• **Material for the task**

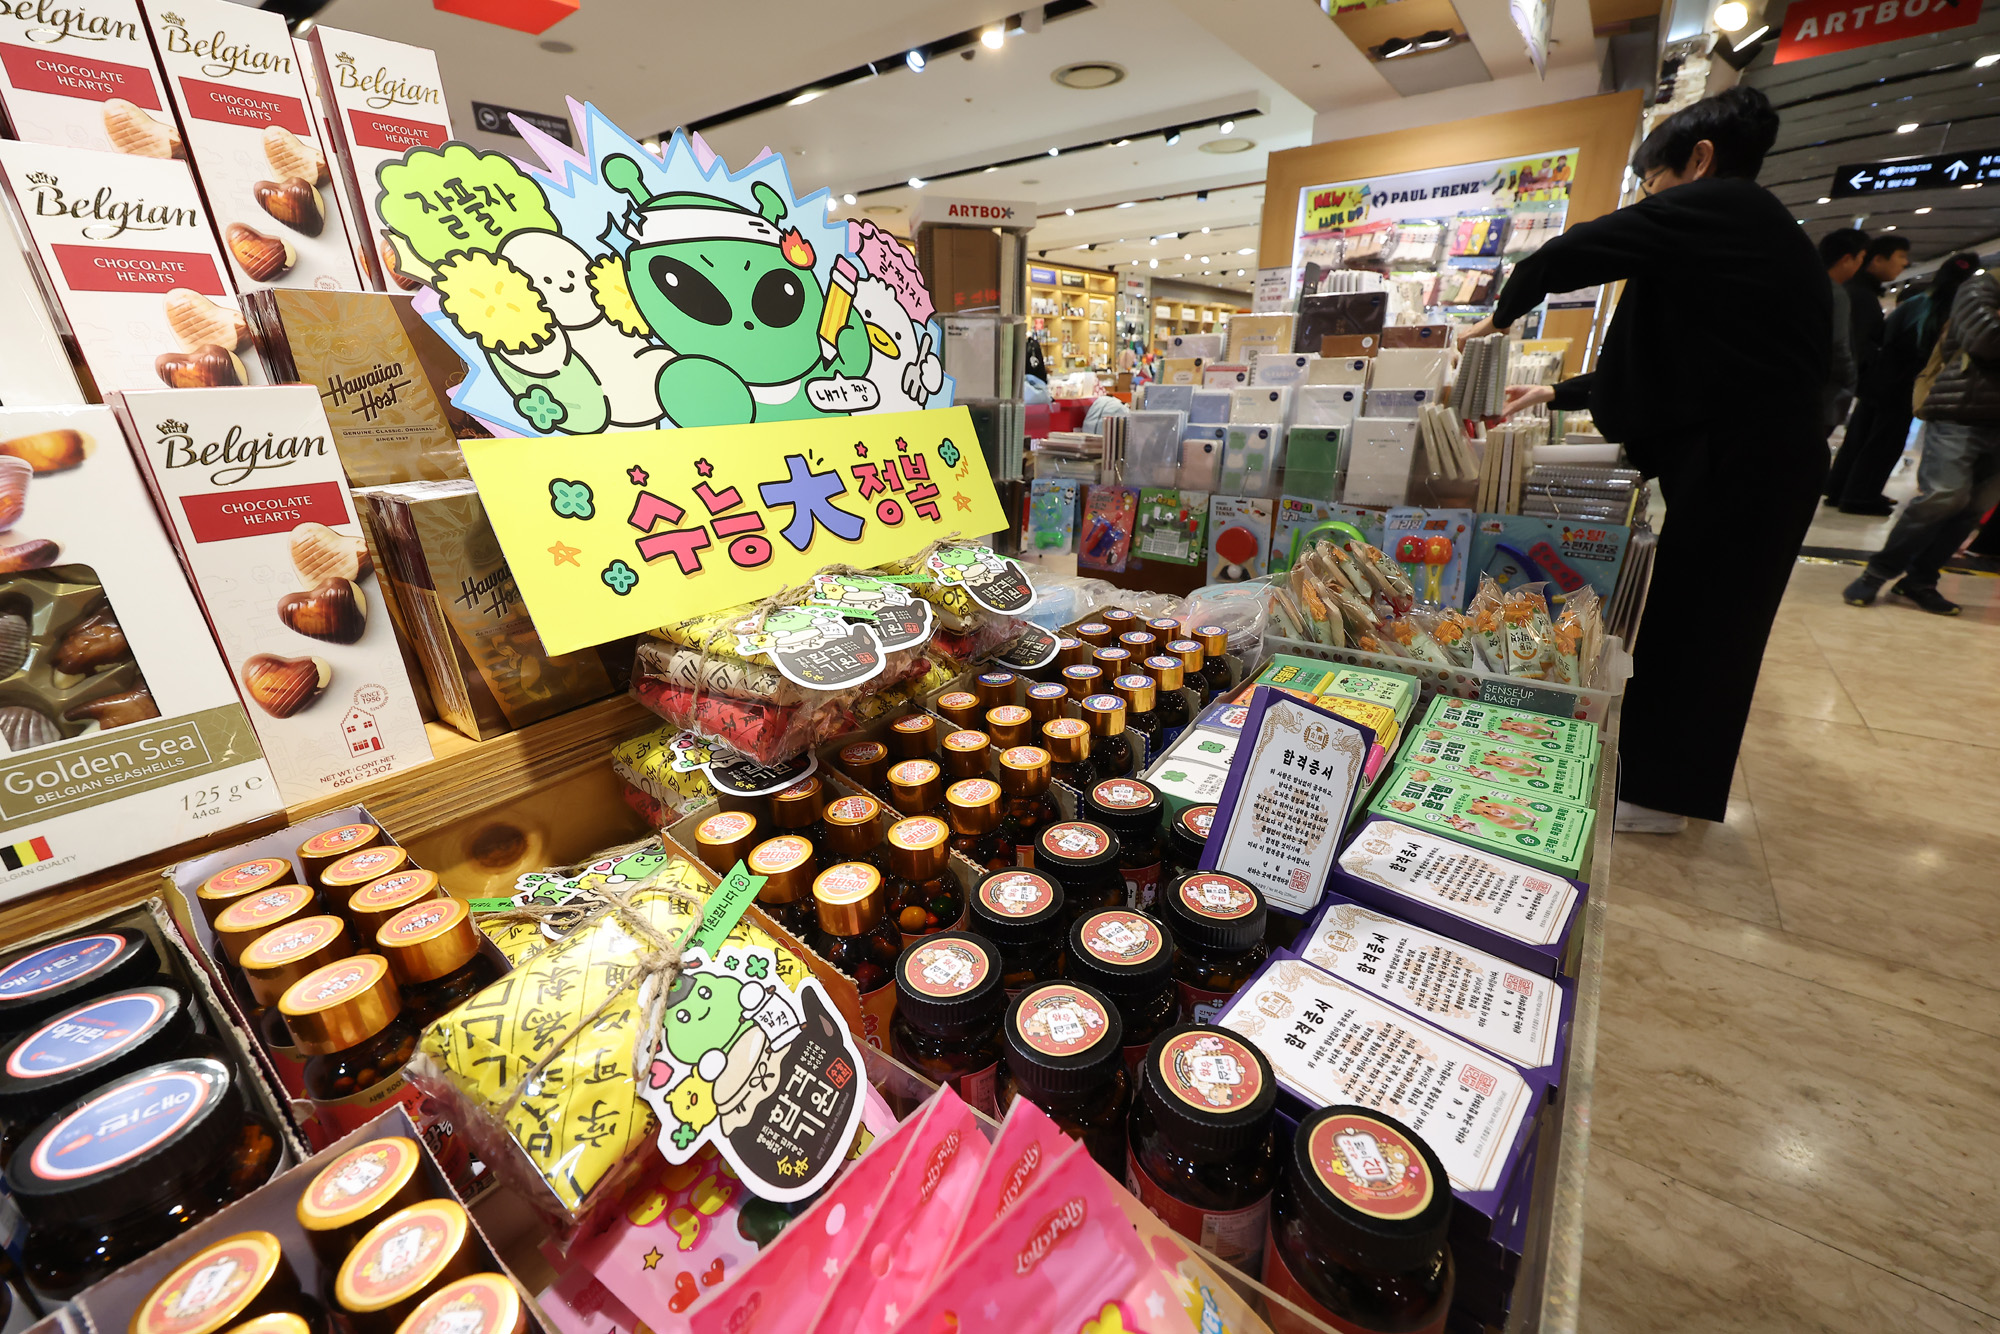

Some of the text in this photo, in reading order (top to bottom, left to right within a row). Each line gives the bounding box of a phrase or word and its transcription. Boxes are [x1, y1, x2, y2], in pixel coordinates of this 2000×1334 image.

[1794, 0, 1949, 41] ARTBO
[165, 25, 293, 77] Belgian
[35, 58, 126, 85] CHOCOLATE
[56, 74, 114, 94] HEARTS
[337, 62, 440, 109] Belgian
[209, 91, 281, 114] CHOCOLATE
[226, 103, 272, 122] HEARTS
[372, 121, 430, 139] CHOCOLATE
[385, 133, 422, 147] HEARTS
[1313, 192, 1346, 210] NEW
[1391, 181, 1480, 204] PAUL FRENZ
[31, 187, 199, 240] Belgian
[404, 177, 517, 239] 잘풀자
[948, 203, 1014, 219] ARTBOX
[93, 256, 187, 274] CHOCOLATE
[116, 268, 176, 285] HEARTS
[321, 363, 404, 407] Hawaiian
[816, 383, 868, 402] 내가 짱
[351, 380, 412, 422] Host
[158, 424, 329, 486] Belgian
[220, 494, 313, 516] CHOCOLATE
[243, 507, 301, 525] HEARTS
[627, 452, 943, 577] 수능 大 정복
[807, 645, 848, 664] 합격
[821, 656, 861, 672] 기원
[360, 691, 380, 699] SINCE
[362, 697, 381, 705] 1956
[1484, 693, 1522, 707] BASKET
[1486, 685, 1534, 700] SENSE-UP
[3, 731, 198, 796] Golden Sea
[320, 755, 397, 783] NET WT. CONT. NET.
[333, 763, 393, 788] 65G 2.3OZ
[1283, 749, 1334, 781] 합격증서
[34, 755, 186, 806] BELGIAN SEASHELLS
[179, 785, 222, 813] 125
[191, 807, 222, 820] 4.4 OZ
[902, 822, 939, 846] 부터500
[37, 855, 78, 875] QUALITY
[755, 851, 801, 862] 부터500
[1389, 842, 1422, 872] 합격증서
[819, 876, 869, 890] 부터500
[697, 890, 738, 933] 기원합니다
[1356, 932, 1389, 975] 합격증서
[759, 1010, 789, 1028] 합격
[1284, 998, 1334, 1050] 합격증서
[768, 1064, 817, 1133] 합격
[793, 1080, 840, 1141] 기원
[776, 1155, 809, 1178] 合格
[920, 1130, 960, 1199] LollyPolly
[996, 1143, 1039, 1219] ollyPolly
[1016, 1198, 1084, 1275] LollyPolly

• **Exercise directions**
Show every line above where "CHOCOLATE" is found.

• **Answer section**
[35, 58, 126, 85] CHOCOLATE
[209, 91, 281, 114] CHOCOLATE
[372, 121, 430, 139] CHOCOLATE
[93, 256, 187, 274] CHOCOLATE
[220, 494, 313, 516] CHOCOLATE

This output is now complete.